Ecuador’s temperamental President Rafael Correa has often accused the U.S. of plotting against him, especially after he mishandled a domestic police strike in September 2010. In April 2011, he expelled U.S. Ambassador Heather Hodges following the release of a WikiLeaks cable he considered offensive. The cable pointed to corruption within the ranks of the Ecuadorian police. At the time, the State Department called the expulsion unjustified.
Correa also shut down the U.S.-operated forward-operating location for anti-drug surveillance at Manta, Ecuador, and may well have provided sanctuary and financial support to the Revolutionary Armed Forces of Colombia.
As former senior U.S. government officials Roger Noriega and Jose Cardenas point out: “Mr. Correa also has rolled out the welcome mat for Iran, giving it access to Ecuador’s banking system, landing Ecuador on the multilateral Financial Action Task Force’s money-laundering watch list, and concluding mining agreements setting the stage for uranium-extraction deals.
The Obama Administration’s response has been to name a new ambassador whose confirmation hearing took place before the Senate Foreign Relations Committee on November 8.

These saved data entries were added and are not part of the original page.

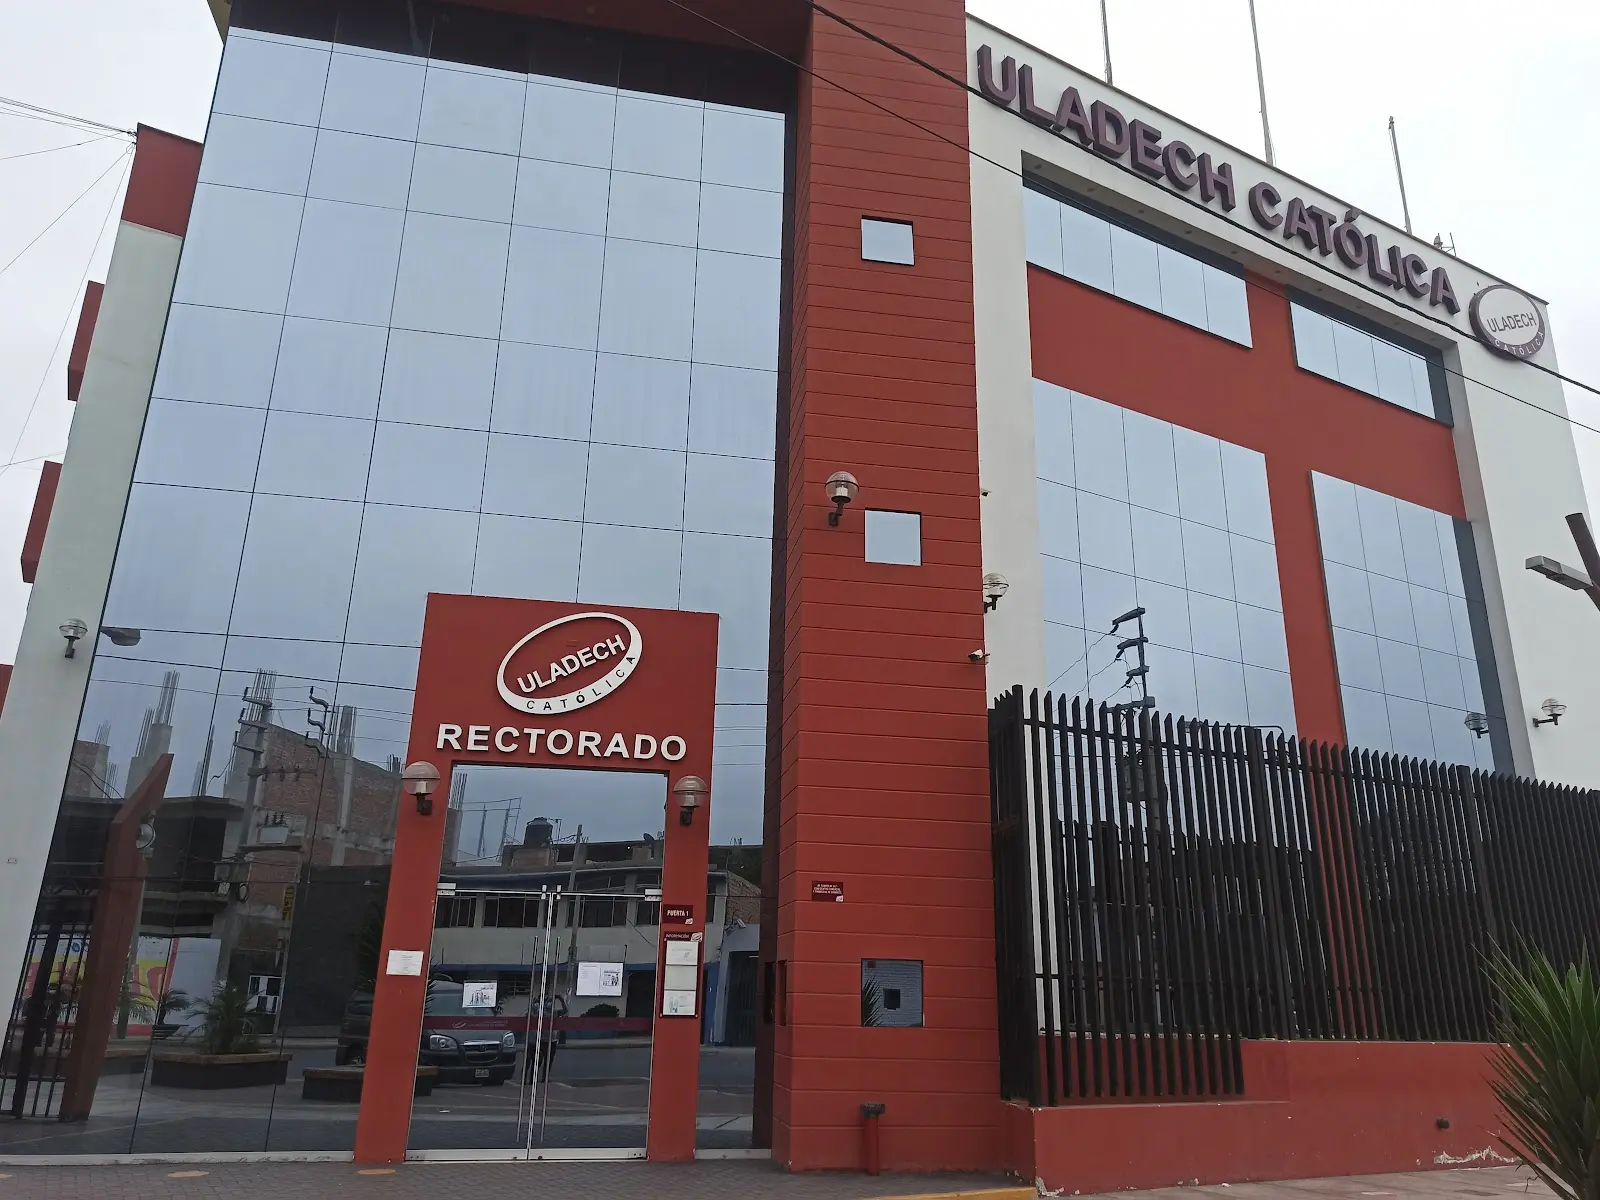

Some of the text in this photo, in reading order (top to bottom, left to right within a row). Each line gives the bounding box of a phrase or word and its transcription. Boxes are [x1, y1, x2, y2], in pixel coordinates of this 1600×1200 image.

[976, 43, 1461, 315] ULADECH CATÓLICA
[1486, 312, 1537, 333] ULADECH
[1494, 331, 1544, 356] CATÓLICA
[516, 633, 627, 694] ULADECH
[526, 655, 636, 712] CATÓLICA
[435, 722, 688, 762] RECTORADO
[666, 909, 686, 917] PUERTA

Bolivia’s President Evo Morales boast of an equally aggressive anti-American track record. Campaigning for presidential office, he promised to become “America’s nightmare.” In 2008, the avowed “anti-imperialist, anti-neo-liberal, anti-colonial” Morales expelled the U.S. Drug Enforcement Agency and then-U.S. Ambassador Philip Goldberg for allegedly inciting pro-autonomy opposition leaders in Bolivia’s eastern lowlands. (The expulsion came in a public announcement, not through diplomatic channels.)
Morales is a staunch ally of Venezuela’s Hugo Chavez and the Castro brothers in Cuba and also likes to boast of intimate ties with Iran. He hosted Iranian defense minister Ahmad Vahidi in June 2011.

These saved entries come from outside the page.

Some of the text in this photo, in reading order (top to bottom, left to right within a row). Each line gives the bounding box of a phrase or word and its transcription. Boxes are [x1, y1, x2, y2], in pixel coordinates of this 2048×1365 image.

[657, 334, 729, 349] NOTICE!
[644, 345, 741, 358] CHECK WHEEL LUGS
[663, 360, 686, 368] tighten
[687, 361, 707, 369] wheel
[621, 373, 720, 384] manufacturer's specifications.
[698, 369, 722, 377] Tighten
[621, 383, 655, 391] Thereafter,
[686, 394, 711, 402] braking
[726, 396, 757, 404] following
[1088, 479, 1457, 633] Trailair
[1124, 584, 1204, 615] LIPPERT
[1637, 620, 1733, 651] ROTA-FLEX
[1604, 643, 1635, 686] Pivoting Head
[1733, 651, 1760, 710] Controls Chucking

As recently as August 21, Morales accused the U.S. of “inciting a march by indigenous protesters against a Brazilian-financed highway.” He said his “government isn’t ruling out expelling the U.S. Agency for International Development.”
Such serial acts of hostility did not, however, deter the State Department in its efforts to court Morales. On November 7, Bolivian-born Under Secretary of State Maria Otero signed the jaw-breaking Framework Agreement for Mutually Respectful and Collaborative Bilateral Relations between the Government of the Plurinational State of Bolivia and the Government of the United States of America. Reading the fine print means the Obama Administration will plow ahead to select another expel-able ambassador. But, letting everyone know who drives the relationship, Morales declared quickly he would not allow the Drug Enforcement Agency to return.
The State Department argues that having ambassadors in Quito and La Paz would facilitate contacts and allows us to work—despite our chasm of differences—on themes of common interest. But its limp-wristed, turn-the-other cheek diplomacy hardly serves to defend U.S. interests and prestige.